ABOUT THIS TASK ▸ Omit the pictures while printing every entry below exactly as given.

PROVIDED ENTRIES ▸

+--

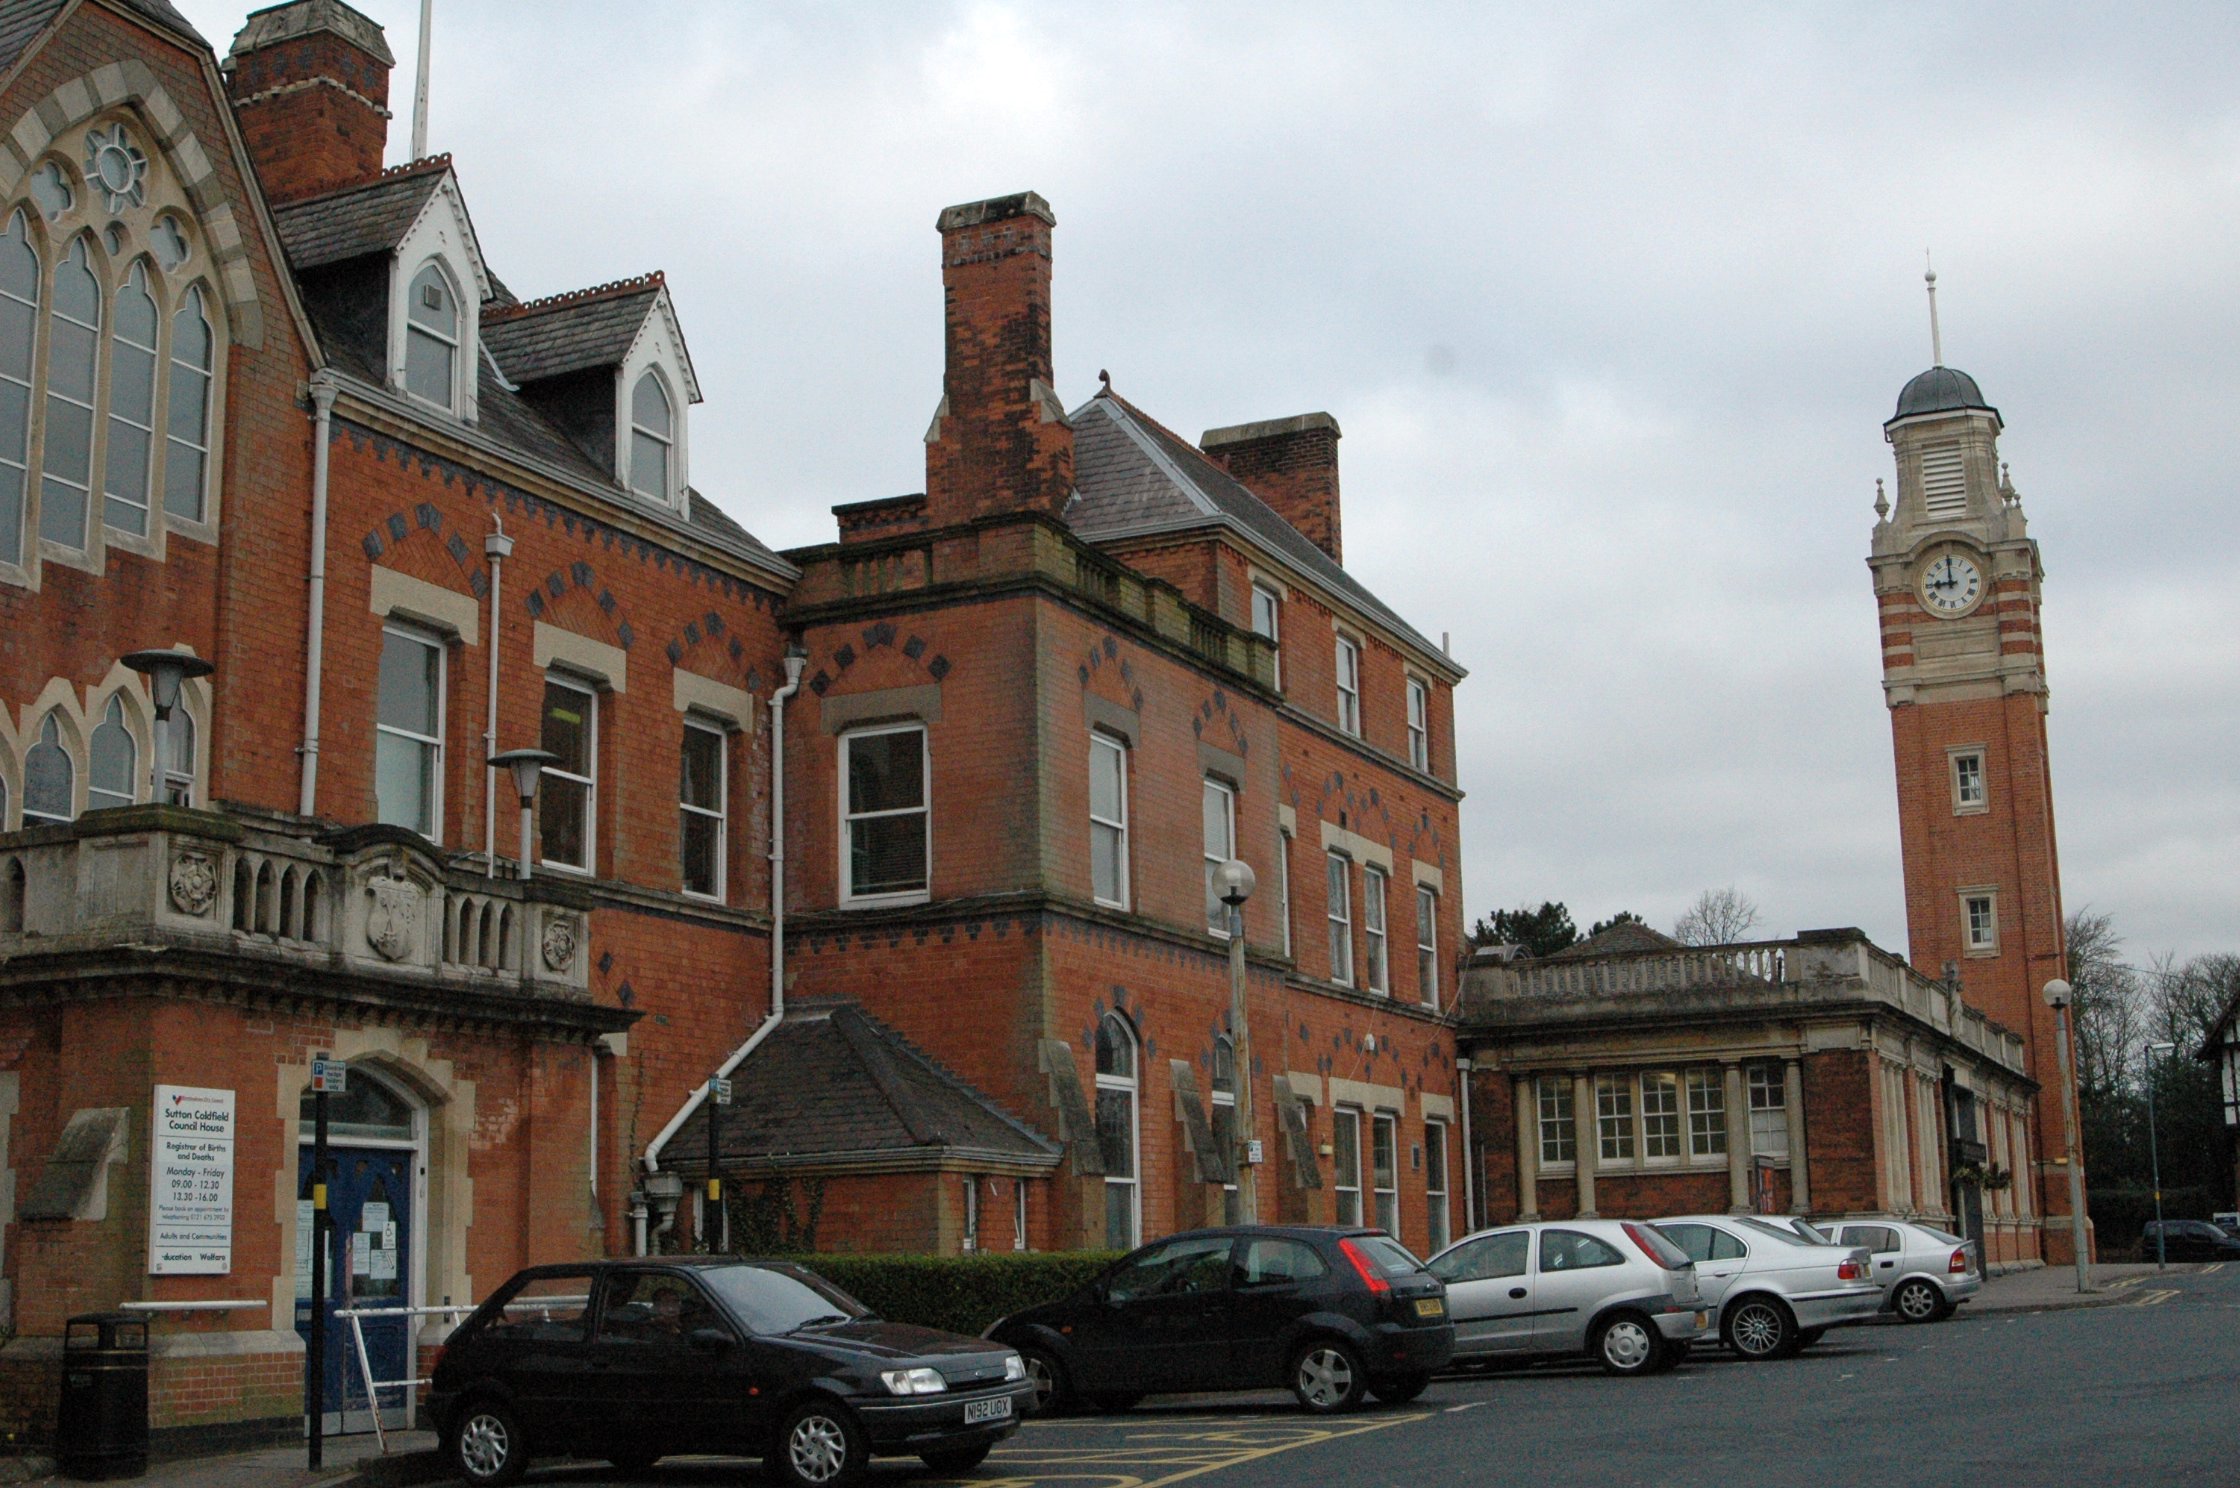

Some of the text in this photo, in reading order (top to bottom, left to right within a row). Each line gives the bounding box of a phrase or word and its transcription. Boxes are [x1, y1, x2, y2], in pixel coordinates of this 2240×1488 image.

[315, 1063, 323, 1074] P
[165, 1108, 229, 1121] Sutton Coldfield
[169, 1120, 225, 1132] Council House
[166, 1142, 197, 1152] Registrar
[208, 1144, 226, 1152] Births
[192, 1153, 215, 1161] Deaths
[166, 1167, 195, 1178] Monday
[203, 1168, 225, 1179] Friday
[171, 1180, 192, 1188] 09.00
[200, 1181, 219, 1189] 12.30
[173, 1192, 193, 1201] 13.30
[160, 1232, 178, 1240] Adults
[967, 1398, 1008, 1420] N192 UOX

+--

REPLY ▸
Some of the text in this photo, in reading order (top to bottom, left to right within a row). Each line gives the bounding box of a phrase or word and its transcription. Boxes are [x1, y1, x2, y2], in pixel coordinates of this 2240×1488 image.

[315, 1063, 323, 1074] P
[165, 1108, 229, 1121] Sutton Coldfield
[169, 1120, 225, 1132] Council House
[166, 1142, 197, 1152] Registrar
[208, 1144, 226, 1152] Births
[192, 1153, 215, 1161] Deaths
[166, 1167, 195, 1178] Monday
[203, 1168, 225, 1179] Friday
[171, 1180, 192, 1188] 09.00
[200, 1181, 219, 1189] 12.30
[173, 1192, 193, 1201] 13.30
[160, 1232, 178, 1240] Adults
[967, 1398, 1008, 1420] N192 UOX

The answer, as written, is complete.